[Task input — start]
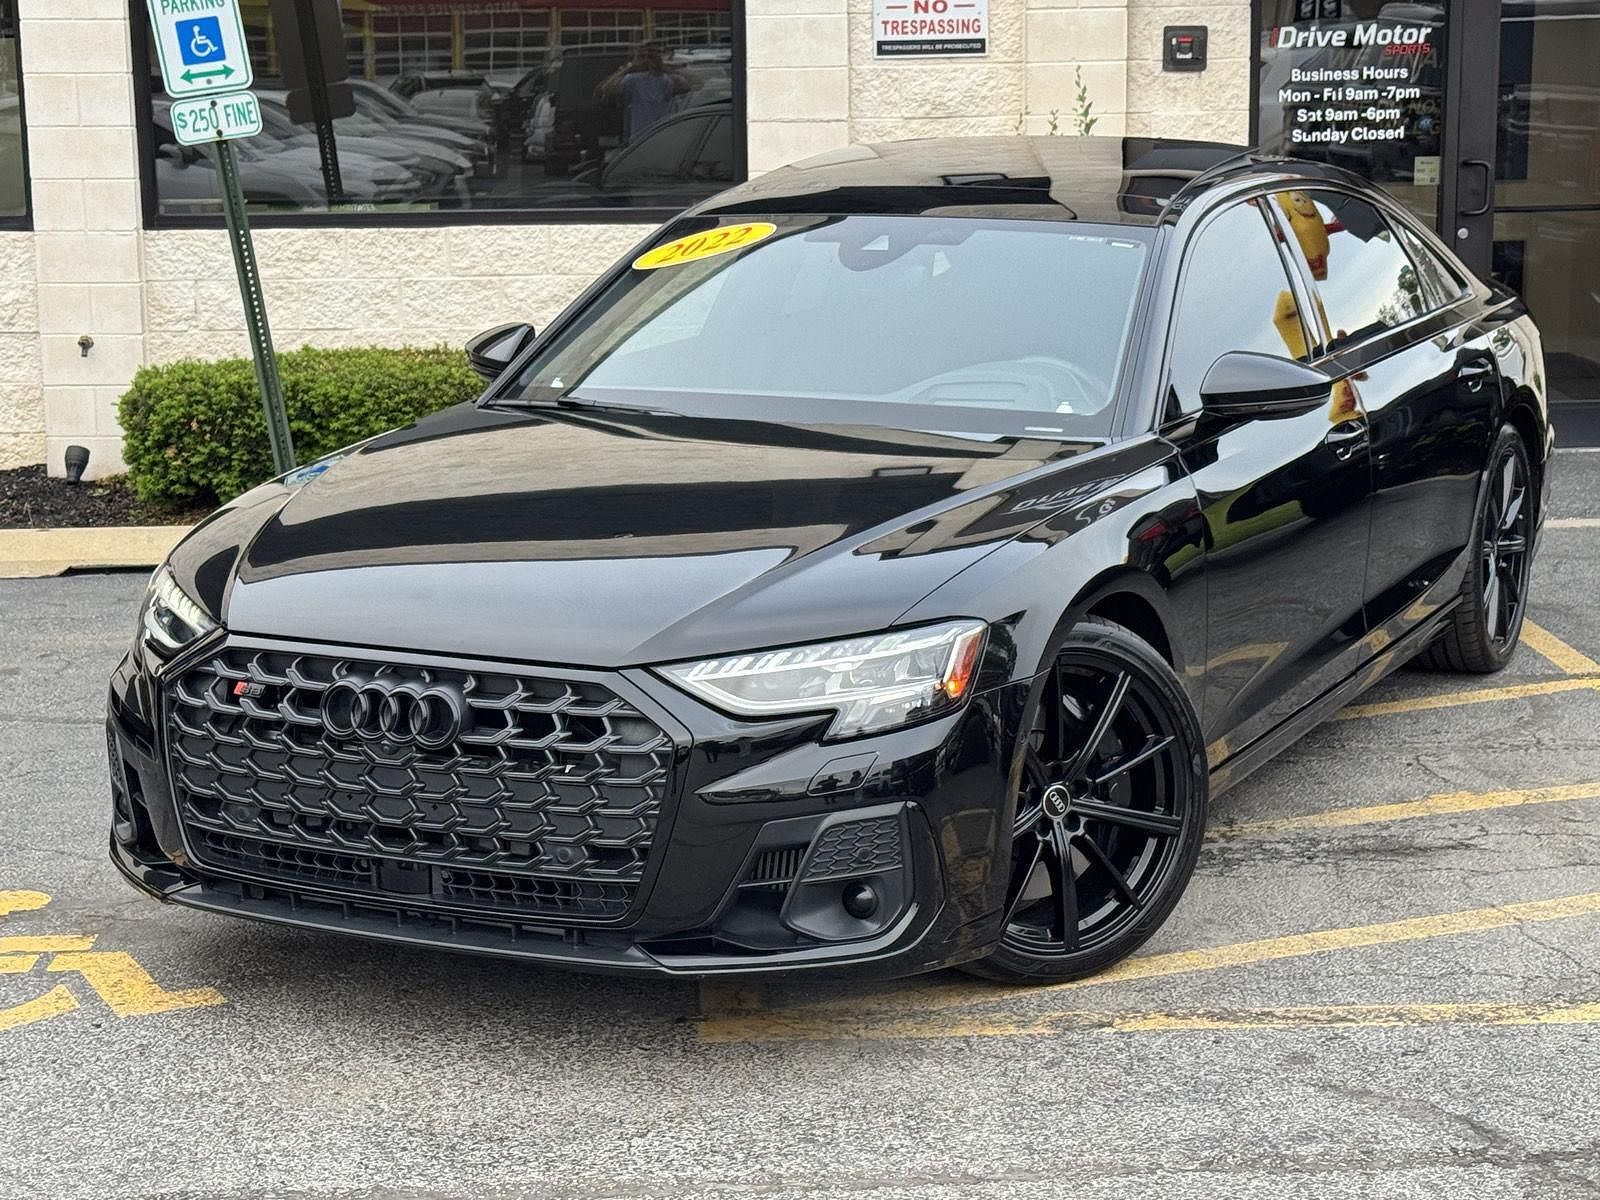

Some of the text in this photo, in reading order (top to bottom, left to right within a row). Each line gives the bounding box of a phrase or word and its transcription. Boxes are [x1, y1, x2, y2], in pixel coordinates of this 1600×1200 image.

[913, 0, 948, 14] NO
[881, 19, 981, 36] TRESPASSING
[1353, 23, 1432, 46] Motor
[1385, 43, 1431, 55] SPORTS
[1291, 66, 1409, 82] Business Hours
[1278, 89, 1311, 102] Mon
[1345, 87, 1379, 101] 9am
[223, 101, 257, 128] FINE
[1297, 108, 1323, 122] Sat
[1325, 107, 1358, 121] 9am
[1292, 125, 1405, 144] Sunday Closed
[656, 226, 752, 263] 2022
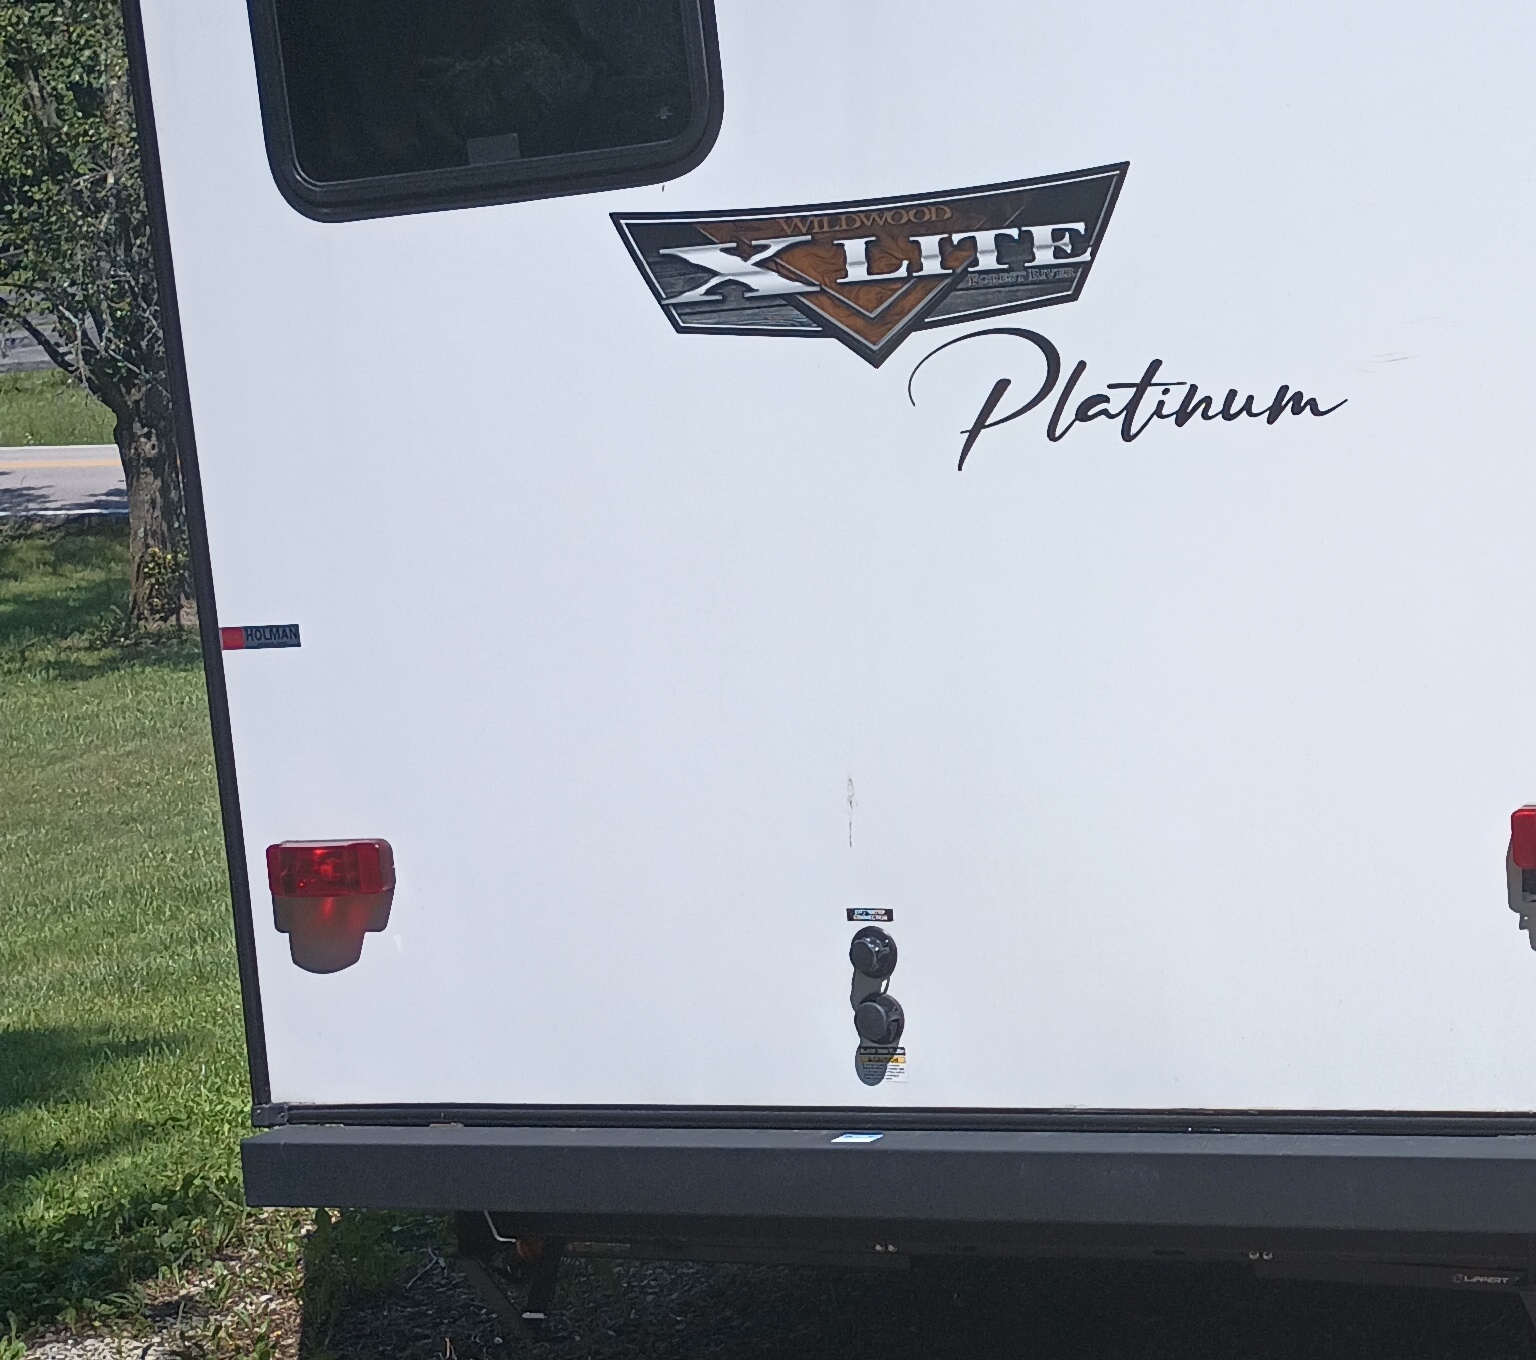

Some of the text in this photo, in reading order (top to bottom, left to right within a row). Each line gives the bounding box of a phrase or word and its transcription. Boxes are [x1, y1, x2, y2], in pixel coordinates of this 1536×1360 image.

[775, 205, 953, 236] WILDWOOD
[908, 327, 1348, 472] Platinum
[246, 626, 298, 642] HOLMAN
[Task input — finish]
Task to complete - Would you print all of the entries exactly, omitting any image?

Expected answer -
Some of the text in this photo, in reading order (top to bottom, left to right within a row). Each line gives the bounding box of a phrase or word and its transcription. Boxes are [x1, y1, x2, y2], in pixel coordinates of this 1600×1200 image.

[913, 0, 948, 14] NO
[881, 19, 981, 36] TRESPASSING
[1353, 23, 1432, 46] Motor
[1385, 43, 1431, 55] SPORTS
[1291, 66, 1409, 82] Business Hours
[1278, 89, 1311, 102] Mon
[1345, 87, 1379, 101] 9am
[223, 101, 257, 128] FINE
[1297, 108, 1323, 122] Sat
[1325, 107, 1358, 121] 9am
[1292, 125, 1405, 144] Sunday Closed
[656, 226, 752, 263] 2022

Some of the text in this photo, in reading order (top to bottom, left to right within a row). Each line gives the bounding box of a phrase or word and its transcription. Boxes are [x1, y1, x2, y2], in pixel coordinates of this 1536×1360 image.

[775, 205, 953, 236] WILDWOOD
[908, 327, 1348, 472] Platinum
[246, 626, 298, 642] HOLMAN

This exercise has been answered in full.